## INPUT DATA
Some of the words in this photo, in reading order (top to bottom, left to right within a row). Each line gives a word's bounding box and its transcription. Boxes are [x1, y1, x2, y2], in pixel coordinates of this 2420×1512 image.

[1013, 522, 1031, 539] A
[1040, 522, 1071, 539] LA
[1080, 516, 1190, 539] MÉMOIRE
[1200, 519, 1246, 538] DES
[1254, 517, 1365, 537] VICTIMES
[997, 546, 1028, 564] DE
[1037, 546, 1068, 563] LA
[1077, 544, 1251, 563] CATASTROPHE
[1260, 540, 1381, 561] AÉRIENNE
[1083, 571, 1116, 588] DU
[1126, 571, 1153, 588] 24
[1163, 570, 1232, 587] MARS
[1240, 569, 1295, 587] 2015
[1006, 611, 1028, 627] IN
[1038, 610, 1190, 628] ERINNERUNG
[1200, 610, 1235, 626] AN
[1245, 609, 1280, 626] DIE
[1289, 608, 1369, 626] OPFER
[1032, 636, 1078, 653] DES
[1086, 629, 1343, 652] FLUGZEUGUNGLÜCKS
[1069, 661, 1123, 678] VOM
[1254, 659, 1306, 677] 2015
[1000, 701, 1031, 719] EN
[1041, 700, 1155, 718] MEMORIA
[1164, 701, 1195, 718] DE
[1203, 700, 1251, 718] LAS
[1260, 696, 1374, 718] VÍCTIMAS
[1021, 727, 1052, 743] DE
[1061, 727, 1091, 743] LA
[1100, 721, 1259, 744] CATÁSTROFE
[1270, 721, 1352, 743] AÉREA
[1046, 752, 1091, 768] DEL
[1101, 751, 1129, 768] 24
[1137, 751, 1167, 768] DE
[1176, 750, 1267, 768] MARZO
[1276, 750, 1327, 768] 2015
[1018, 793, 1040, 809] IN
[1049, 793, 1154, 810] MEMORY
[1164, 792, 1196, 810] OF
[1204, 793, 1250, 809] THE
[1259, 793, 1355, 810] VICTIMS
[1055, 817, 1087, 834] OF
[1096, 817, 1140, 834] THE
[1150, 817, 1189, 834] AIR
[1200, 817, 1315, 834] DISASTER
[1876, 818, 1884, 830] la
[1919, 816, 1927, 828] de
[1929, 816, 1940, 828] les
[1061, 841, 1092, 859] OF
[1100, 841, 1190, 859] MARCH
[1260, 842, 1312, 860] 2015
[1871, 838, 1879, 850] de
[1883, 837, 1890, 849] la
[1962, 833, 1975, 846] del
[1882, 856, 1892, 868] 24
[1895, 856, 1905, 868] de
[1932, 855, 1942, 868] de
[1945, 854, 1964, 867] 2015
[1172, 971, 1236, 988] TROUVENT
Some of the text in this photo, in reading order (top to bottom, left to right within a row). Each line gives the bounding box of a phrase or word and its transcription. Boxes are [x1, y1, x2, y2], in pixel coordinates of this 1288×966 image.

## WHAT TO PRODUCE
Please copy out the preceding data in full, exactly as written.

## REPLY
Some of the words in this photo, in reading order (top to bottom, left to right within a row). Each line gives a word's bounding box and its transcription. Boxes are [x1, y1, x2, y2], in pixel coordinates of this 2420×1512 image.

[1013, 522, 1031, 539] A
[1040, 522, 1071, 539] LA
[1080, 516, 1190, 539] MÉMOIRE
[1200, 519, 1246, 538] DES
[1254, 517, 1365, 537] VICTIMES
[997, 546, 1028, 564] DE
[1037, 546, 1068, 563] LA
[1077, 544, 1251, 563] CATASTROPHE
[1260, 540, 1381, 561] AÉRIENNE
[1083, 571, 1116, 588] DU
[1126, 571, 1153, 588] 24
[1163, 570, 1232, 587] MARS
[1240, 569, 1295, 587] 2015
[1006, 611, 1028, 627] IN
[1038, 610, 1190, 628] ERINNERUNG
[1200, 610, 1235, 626] AN
[1245, 609, 1280, 626] DIE
[1289, 608, 1369, 626] OPFER
[1032, 636, 1078, 653] DES
[1086, 629, 1343, 652] FLUGZEUGUNGLÜCKS
[1069, 661, 1123, 678] VOM
[1254, 659, 1306, 677] 2015
[1000, 701, 1031, 719] EN
[1041, 700, 1155, 718] MEMORIA
[1164, 701, 1195, 718] DE
[1203, 700, 1251, 718] LAS
[1260, 696, 1374, 718] VÍCTIMAS
[1021, 727, 1052, 743] DE
[1061, 727, 1091, 743] LA
[1100, 721, 1259, 744] CATÁSTROFE
[1270, 721, 1352, 743] AÉREA
[1046, 752, 1091, 768] DEL
[1101, 751, 1129, 768] 24
[1137, 751, 1167, 768] DE
[1176, 750, 1267, 768] MARZO
[1276, 750, 1327, 768] 2015
[1018, 793, 1040, 809] IN
[1049, 793, 1154, 810] MEMORY
[1164, 792, 1196, 810] OF
[1204, 793, 1250, 809] THE
[1259, 793, 1355, 810] VICTIMS
[1055, 817, 1087, 834] OF
[1096, 817, 1140, 834] THE
[1150, 817, 1189, 834] AIR
[1200, 817, 1315, 834] DISASTER
[1876, 818, 1884, 830] la
[1919, 816, 1927, 828] de
[1929, 816, 1940, 828] les
[1061, 841, 1092, 859] OF
[1100, 841, 1190, 859] MARCH
[1260, 842, 1312, 860] 2015
[1871, 838, 1879, 850] de
[1883, 837, 1890, 849] la
[1962, 833, 1975, 846] del
[1882, 856, 1892, 868] 24
[1895, 856, 1905, 868] de
[1932, 855, 1942, 868] de
[1945, 854, 1964, 867] 2015
[1172, 971, 1236, 988] TROUVENT
Some of the text in this photo, in reading order (top to bottom, left to right within a row). Each line gives the bounding box of a phrase or word and its transcription. Boxes are [x1, y1, x2, y2], in pixel coordinates of this 1288×966 image.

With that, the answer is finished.